* _PROBLEM REQUIREMENTS_
Since the copy must match the original, write out each record word for word, skipping only the pictures.

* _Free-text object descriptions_
..............................

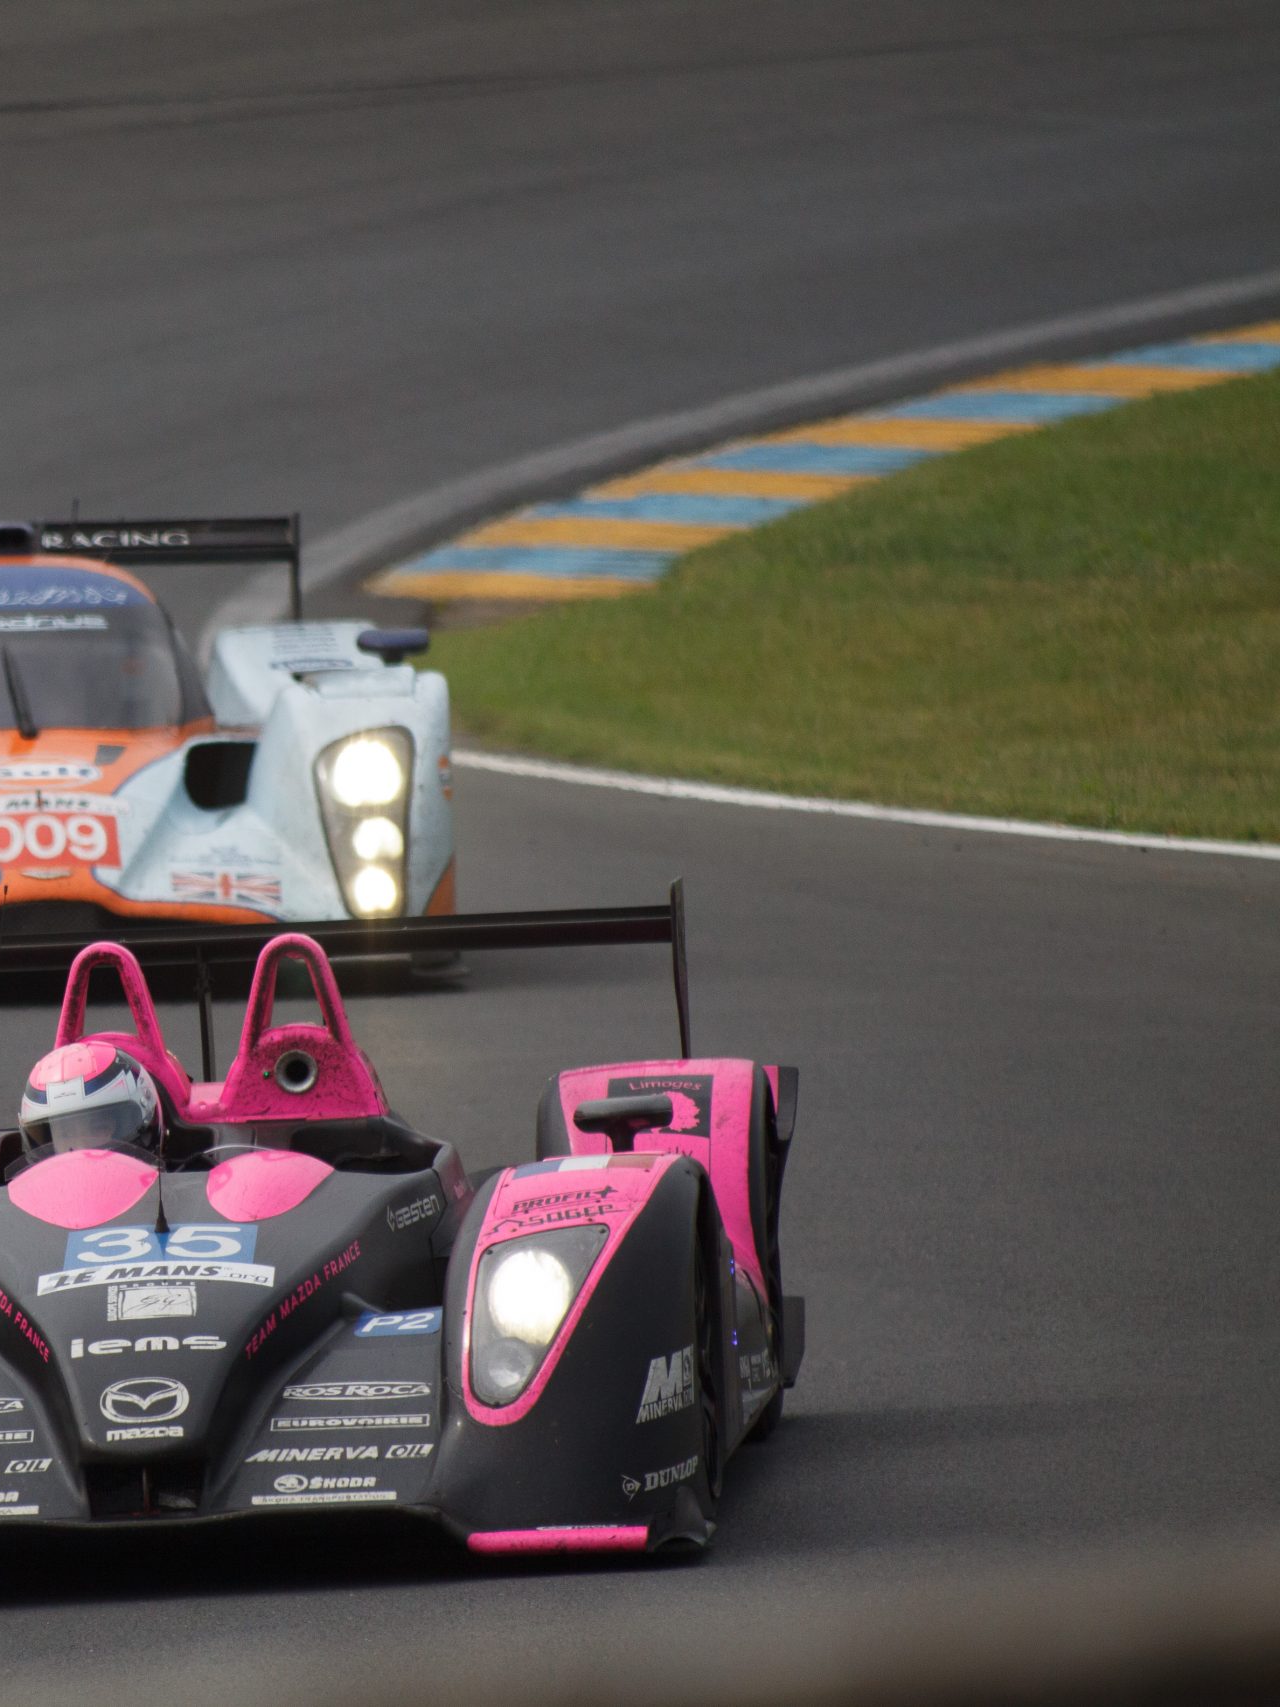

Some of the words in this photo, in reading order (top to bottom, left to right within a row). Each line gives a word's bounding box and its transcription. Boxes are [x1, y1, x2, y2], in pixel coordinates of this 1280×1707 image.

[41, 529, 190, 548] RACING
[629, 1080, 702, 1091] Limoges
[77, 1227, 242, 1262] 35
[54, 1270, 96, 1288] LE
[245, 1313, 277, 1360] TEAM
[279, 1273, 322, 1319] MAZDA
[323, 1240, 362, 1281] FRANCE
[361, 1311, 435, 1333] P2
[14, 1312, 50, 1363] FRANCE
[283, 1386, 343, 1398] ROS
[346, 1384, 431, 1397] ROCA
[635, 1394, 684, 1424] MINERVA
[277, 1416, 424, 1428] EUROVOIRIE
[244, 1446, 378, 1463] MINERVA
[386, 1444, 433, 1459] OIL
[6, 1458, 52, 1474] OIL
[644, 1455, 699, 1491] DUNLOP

..............................

* _RESULT BELOW_
Some of the words in this photo, in reading order (top to bottom, left to right within a row). Each line gives a word's bounding box and its transcription. Boxes are [x1, y1, x2, y2], in pixel coordinates of this 1280×1707 image.

[41, 529, 190, 548] RACING
[629, 1080, 702, 1091] Limoges
[77, 1227, 242, 1262] 35
[54, 1270, 96, 1288] LE
[245, 1313, 277, 1360] TEAM
[279, 1273, 322, 1319] MAZDA
[323, 1240, 362, 1281] FRANCE
[361, 1311, 435, 1333] P2
[14, 1312, 50, 1363] FRANCE
[283, 1386, 343, 1398] ROS
[346, 1384, 431, 1397] ROCA
[635, 1394, 684, 1424] MINERVA
[277, 1416, 424, 1428] EUROVOIRIE
[244, 1446, 378, 1463] MINERVA
[386, 1444, 433, 1459] OIL
[6, 1458, 52, 1474] OIL
[644, 1455, 699, 1491] DUNLOP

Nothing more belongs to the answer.